__WORK INSTRUCTIONS__: Write out each entry word for word.

__EXERCISE INPUTS__:
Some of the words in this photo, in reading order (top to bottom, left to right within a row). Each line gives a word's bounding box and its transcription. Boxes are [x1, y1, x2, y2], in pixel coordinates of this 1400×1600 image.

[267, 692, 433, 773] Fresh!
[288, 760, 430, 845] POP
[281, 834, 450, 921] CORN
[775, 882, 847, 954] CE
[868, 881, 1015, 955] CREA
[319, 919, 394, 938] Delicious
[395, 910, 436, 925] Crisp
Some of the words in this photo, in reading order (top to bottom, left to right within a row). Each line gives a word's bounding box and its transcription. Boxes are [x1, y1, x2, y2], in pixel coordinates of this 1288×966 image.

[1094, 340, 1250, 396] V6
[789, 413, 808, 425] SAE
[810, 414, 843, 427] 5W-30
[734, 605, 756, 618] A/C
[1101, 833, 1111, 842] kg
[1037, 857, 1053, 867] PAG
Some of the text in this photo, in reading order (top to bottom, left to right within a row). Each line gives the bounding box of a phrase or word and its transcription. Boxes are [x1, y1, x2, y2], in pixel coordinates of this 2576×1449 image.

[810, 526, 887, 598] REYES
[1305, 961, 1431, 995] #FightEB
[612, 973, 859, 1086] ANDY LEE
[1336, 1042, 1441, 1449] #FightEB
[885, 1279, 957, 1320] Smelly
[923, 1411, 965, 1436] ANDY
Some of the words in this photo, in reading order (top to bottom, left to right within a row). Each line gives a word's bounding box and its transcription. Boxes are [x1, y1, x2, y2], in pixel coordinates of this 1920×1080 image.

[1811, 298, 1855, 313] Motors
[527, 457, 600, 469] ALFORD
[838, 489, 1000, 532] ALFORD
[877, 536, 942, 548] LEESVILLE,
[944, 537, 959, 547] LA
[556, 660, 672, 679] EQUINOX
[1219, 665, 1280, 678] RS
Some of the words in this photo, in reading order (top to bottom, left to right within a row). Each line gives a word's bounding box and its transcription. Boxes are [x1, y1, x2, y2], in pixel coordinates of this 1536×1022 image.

__EXERCISE SOLUTION__:
Some of the words in this photo, in reading order (top to bottom, left to right within a row). Each line gives a word's bounding box and its transcription. Boxes are [x1, y1, x2, y2], in pixel coordinates of this 1400×1600 image.

[267, 692, 433, 773] Fresh!
[288, 760, 430, 845] POP
[281, 834, 450, 921] CORN
[775, 882, 847, 954] CE
[868, 881, 1015, 955] CREA
[319, 919, 394, 938] Delicious
[395, 910, 436, 925] Crisp
Some of the words in this photo, in reading order (top to bottom, left to right within a row). Each line gives a word's bounding box and its transcription. Boxes are [x1, y1, x2, y2], in pixel coordinates of this 1288×966 image.

[1094, 340, 1250, 396] V6
[789, 413, 808, 425] SAE
[810, 414, 843, 427] 5W-30
[734, 605, 756, 618] A/C
[1101, 833, 1111, 842] kg
[1037, 857, 1053, 867] PAG
Some of the text in this photo, in reading order (top to bottom, left to right within a row). Each line gives the bounding box of a phrase or word and its transcription. Boxes are [x1, y1, x2, y2], in pixel coordinates of this 2576×1449 image.

[810, 526, 887, 598] REYES
[1305, 961, 1431, 995] #FightEB
[612, 973, 859, 1086] ANDY LEE
[1336, 1042, 1441, 1449] #FightEB
[885, 1279, 957, 1320] Smelly
[923, 1411, 965, 1436] ANDY
Some of the words in this photo, in reading order (top to bottom, left to right within a row). Each line gives a word's bounding box and its transcription. Boxes are [x1, y1, x2, y2], in pixel coordinates of this 1920×1080 image.

[1811, 298, 1855, 313] Motors
[527, 457, 600, 469] ALFORD
[838, 489, 1000, 532] ALFORD
[877, 536, 942, 548] LEESVILLE,
[944, 537, 959, 547] LA
[556, 660, 672, 679] EQUINOX
[1219, 665, 1280, 678] RS
Some of the words in this photo, in reading order (top to bottom, left to right within a row). Each line gives a word's bounding box and its transcription. Boxes are [x1, y1, x2, y2], in pixel coordinates of this 1536×1022 image.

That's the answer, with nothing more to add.